**BRIEF:**
Where does the string "CILANTRO" appear in the records? Copy every line that contains it.

[[ DATASET EXCERPTS open ]]

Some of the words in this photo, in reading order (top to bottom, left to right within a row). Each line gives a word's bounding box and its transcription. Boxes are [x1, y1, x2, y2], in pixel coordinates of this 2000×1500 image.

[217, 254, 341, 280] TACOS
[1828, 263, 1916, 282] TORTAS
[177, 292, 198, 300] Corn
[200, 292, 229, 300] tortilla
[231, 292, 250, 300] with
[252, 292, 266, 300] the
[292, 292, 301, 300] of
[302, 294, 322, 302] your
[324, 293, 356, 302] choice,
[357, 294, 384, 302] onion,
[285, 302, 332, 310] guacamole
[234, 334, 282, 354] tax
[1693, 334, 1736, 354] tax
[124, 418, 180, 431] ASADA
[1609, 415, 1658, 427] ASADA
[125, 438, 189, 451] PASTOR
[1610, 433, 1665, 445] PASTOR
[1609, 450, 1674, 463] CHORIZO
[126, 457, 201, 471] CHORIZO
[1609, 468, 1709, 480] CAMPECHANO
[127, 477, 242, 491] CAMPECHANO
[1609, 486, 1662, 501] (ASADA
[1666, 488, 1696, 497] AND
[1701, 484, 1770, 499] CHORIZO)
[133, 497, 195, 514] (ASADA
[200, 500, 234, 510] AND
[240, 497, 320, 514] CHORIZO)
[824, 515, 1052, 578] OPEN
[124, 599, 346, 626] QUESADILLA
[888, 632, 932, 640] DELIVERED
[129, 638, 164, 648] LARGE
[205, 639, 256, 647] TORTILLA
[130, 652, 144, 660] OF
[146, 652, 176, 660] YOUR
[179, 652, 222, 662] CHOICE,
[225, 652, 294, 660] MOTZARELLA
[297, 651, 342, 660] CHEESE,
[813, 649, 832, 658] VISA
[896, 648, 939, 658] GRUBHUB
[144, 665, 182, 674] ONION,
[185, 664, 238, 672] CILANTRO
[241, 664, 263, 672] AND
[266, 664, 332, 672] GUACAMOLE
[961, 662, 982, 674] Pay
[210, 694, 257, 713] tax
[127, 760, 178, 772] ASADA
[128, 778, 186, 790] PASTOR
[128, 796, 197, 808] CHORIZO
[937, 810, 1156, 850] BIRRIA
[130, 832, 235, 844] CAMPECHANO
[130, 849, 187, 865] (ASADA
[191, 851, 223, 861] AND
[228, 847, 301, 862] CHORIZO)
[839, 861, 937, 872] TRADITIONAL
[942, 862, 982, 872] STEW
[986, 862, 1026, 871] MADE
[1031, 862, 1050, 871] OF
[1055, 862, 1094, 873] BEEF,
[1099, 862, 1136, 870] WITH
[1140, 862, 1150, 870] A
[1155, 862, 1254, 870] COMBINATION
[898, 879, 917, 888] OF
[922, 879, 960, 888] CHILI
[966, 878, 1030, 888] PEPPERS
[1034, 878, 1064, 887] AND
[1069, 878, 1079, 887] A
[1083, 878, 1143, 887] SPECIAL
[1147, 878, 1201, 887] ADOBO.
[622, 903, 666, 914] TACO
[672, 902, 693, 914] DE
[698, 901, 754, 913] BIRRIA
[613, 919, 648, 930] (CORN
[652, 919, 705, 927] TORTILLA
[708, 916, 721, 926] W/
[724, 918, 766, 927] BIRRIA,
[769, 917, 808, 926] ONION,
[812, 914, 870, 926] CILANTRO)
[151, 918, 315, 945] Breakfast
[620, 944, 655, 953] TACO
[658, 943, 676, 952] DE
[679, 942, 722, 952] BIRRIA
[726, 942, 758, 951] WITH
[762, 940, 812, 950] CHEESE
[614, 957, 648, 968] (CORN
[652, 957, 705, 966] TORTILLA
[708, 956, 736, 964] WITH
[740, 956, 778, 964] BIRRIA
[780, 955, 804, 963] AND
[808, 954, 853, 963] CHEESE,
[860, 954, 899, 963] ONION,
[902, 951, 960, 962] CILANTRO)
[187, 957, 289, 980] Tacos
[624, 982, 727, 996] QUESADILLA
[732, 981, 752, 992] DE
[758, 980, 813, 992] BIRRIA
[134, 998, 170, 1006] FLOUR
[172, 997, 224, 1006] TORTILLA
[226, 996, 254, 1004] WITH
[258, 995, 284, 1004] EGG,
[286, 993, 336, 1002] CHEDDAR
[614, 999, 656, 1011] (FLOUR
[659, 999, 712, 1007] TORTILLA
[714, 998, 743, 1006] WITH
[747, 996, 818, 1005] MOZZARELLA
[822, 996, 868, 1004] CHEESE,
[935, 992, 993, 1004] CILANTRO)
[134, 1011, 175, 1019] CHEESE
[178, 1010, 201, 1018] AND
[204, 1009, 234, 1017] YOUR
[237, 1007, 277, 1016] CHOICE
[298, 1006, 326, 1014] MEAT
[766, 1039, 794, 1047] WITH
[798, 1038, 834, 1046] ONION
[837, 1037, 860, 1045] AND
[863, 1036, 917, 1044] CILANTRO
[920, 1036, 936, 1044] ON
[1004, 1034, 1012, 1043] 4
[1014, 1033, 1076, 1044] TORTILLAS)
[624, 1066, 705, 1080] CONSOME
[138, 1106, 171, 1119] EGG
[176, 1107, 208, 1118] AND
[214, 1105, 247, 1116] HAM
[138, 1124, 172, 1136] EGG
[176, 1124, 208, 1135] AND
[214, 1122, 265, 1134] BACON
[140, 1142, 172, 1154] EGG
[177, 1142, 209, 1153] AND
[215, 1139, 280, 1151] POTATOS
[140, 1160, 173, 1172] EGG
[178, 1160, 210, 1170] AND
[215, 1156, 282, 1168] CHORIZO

[[ DATASET EXCERPTS closed ]]

**ANSWER SECTION:**
[185, 664, 238, 672] CILANTRO
[812, 914, 870, 926] CILANTRO)
[902, 951, 960, 962] CILANTRO)
[935, 992, 993, 1004] CILANTRO)
[863, 1036, 917, 1044] CILANTRO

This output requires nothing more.